Of these, (2) the second solid-liquid separation step and (3) the pressing step may be performed first.
Hereinafter, each separation step will be described in order.

The first solid-liquid separation step (1) includes at least a mixture containing the saccharide produced in the hydrolysis step and the cluster acid catalyst, and a poor solvent for the saccharide and a good solvent for the cluster acid catalyst. This is a process of separating into an organic solvent solution containing a cluster acid catalyst and a solid containing a residue of sugar and cluster acid catalyst through a process of mixing a first organic solvent.
When the clustered acid catalyst is mixed into the solidified sugar, the purity of the resulting sugar is decreased and the recovery rate of the clustered acid catalyst is decreased.
Therefore, by adding the first organic solvent in which the sugar is difficult to dissolve and the cluster acid catalyst is easy to dissolve to the mixture containing the sugar and the cluster acid catalyst, most of the cluster acid catalyst added during the hydrolysis is dissolved. It can be separated into a solvent solution and a solid containing the sugar and cluster acid catalyst residue.
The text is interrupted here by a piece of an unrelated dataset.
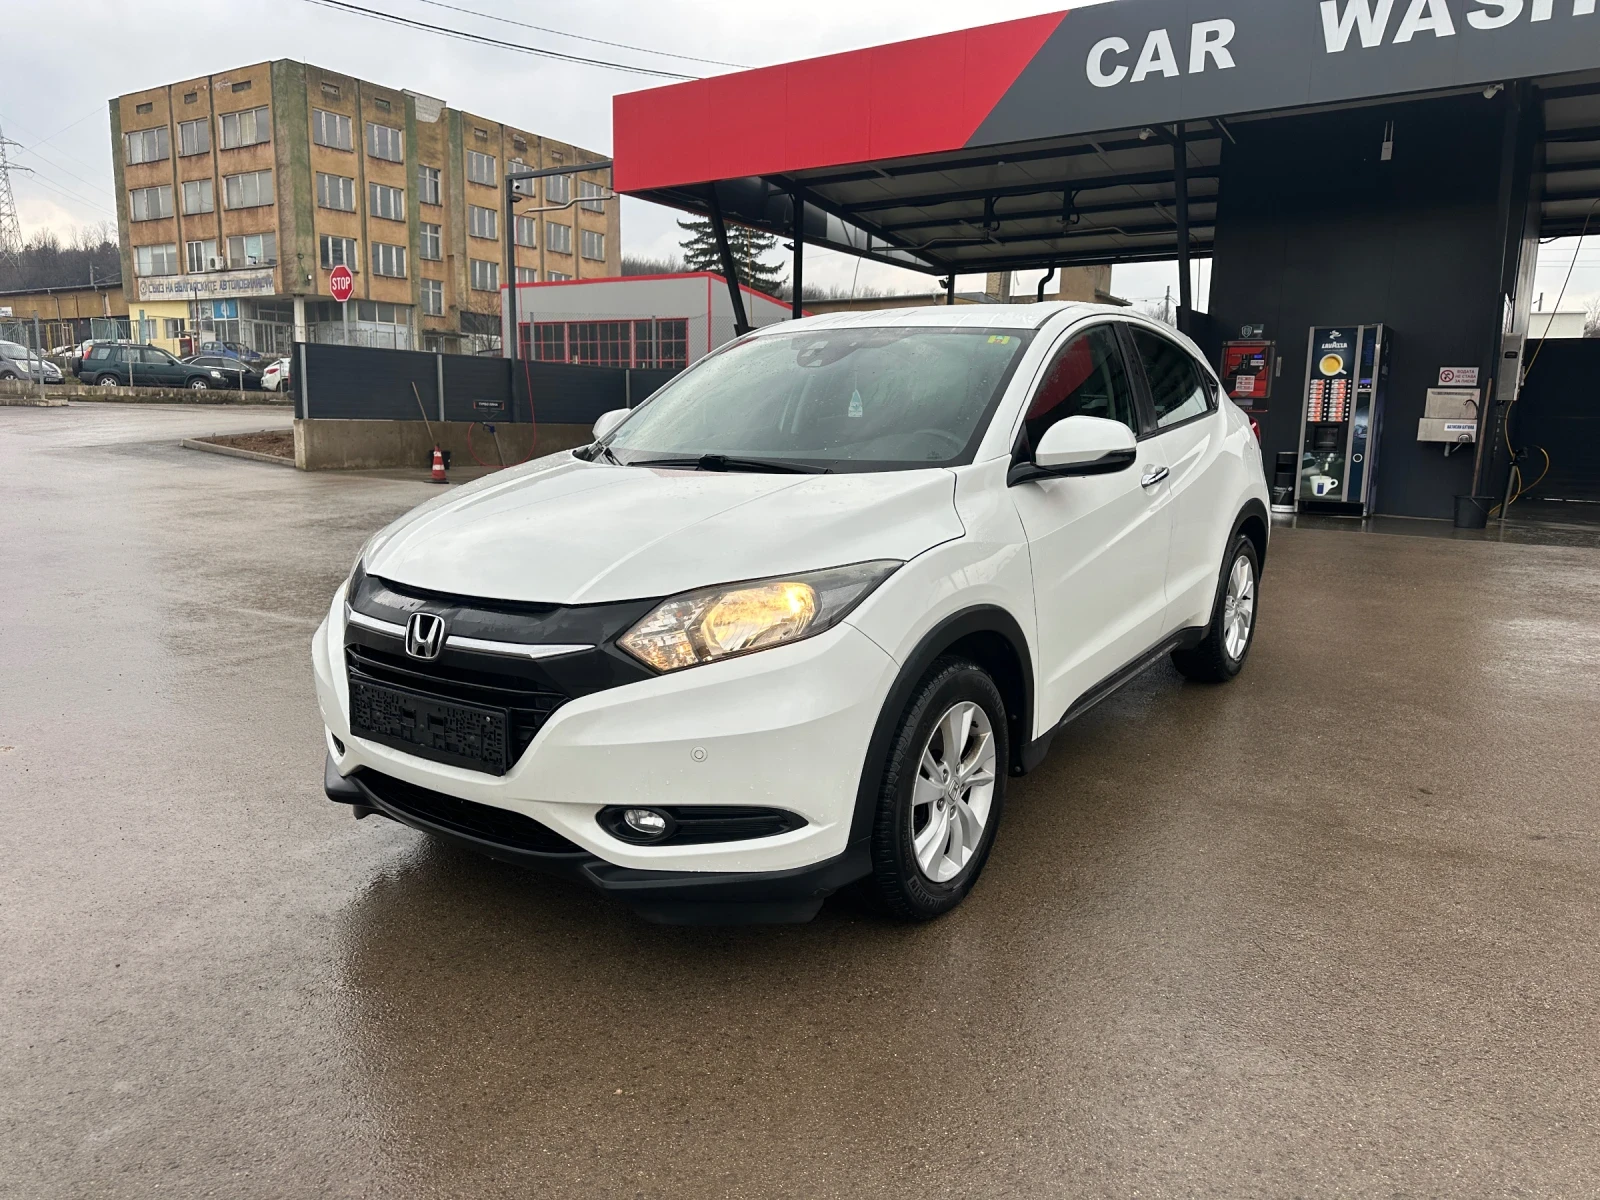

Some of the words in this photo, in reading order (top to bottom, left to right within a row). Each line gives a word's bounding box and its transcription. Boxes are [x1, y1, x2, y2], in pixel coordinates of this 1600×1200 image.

In the first solid-liquid separation step, the first organic solvent that dissolves the cluster acid catalyst is a poor solvent for sugar, but a good solvent for the cluster acid catalyst. Although not particularly limited, in order to precipitate the sugar efficiently, the solubility of the sugar in the organic solvent is preferably 1 g / 100 ml or less, particularly preferably 0.06 g / 100 ml or less. At this time, in order to efficiently precipitate only the sugar as a solid component, the solubility of the cluster acid in the organic solvent is preferably 50 g / 100 ml or more, particularly preferably 100 g / 100 ml or more, and more preferably 500 g / 100 ml or more. Most preferred.
Thus, in the first solid-liquid separation step, the cluster acid catalyst is separated from the sugar as much as possible by providing a sufficient difference between the solubility of the sugar in the first organic solvent and the solubility of the cluster acid catalyst. In addition, a solid content containing high-purity sugar can be obtained.

Specific examples of the first organic solvent include alcohols such as ethanol, methanol and n-propanol, and ethers such as diethyl ether and diisopropyl ether. Alcohols and ethers can be preferably used, and ethanol and diethyl ether are particularly preferable. Diethyl ether is one of the most suitable solvents for separating the saccharide and the cluster acid catalyst because saccharides such as glucose are insoluble and the solubility of the cluster acid is high. On the other hand, ethanol is one of the most suitable solvents because sugars such as glucose are hardly soluble and the solubility of the cluster acid catalyst is high. Diethyl ether is advantageous in distillation compared to ethanol, which has the advantage that it is more readily available than diethyl ether and that the solubility of the cluster acid catalyst is very high.
Thus, in the first solid-liquid separation step, by using a poor solvent for sugar and a good solvent for the cluster acid catalyst as the first organic solvent, the cluster acid is converted from the sugar. The catalyst can be separated as much as possible to obtain a solid containing high-purity sugar.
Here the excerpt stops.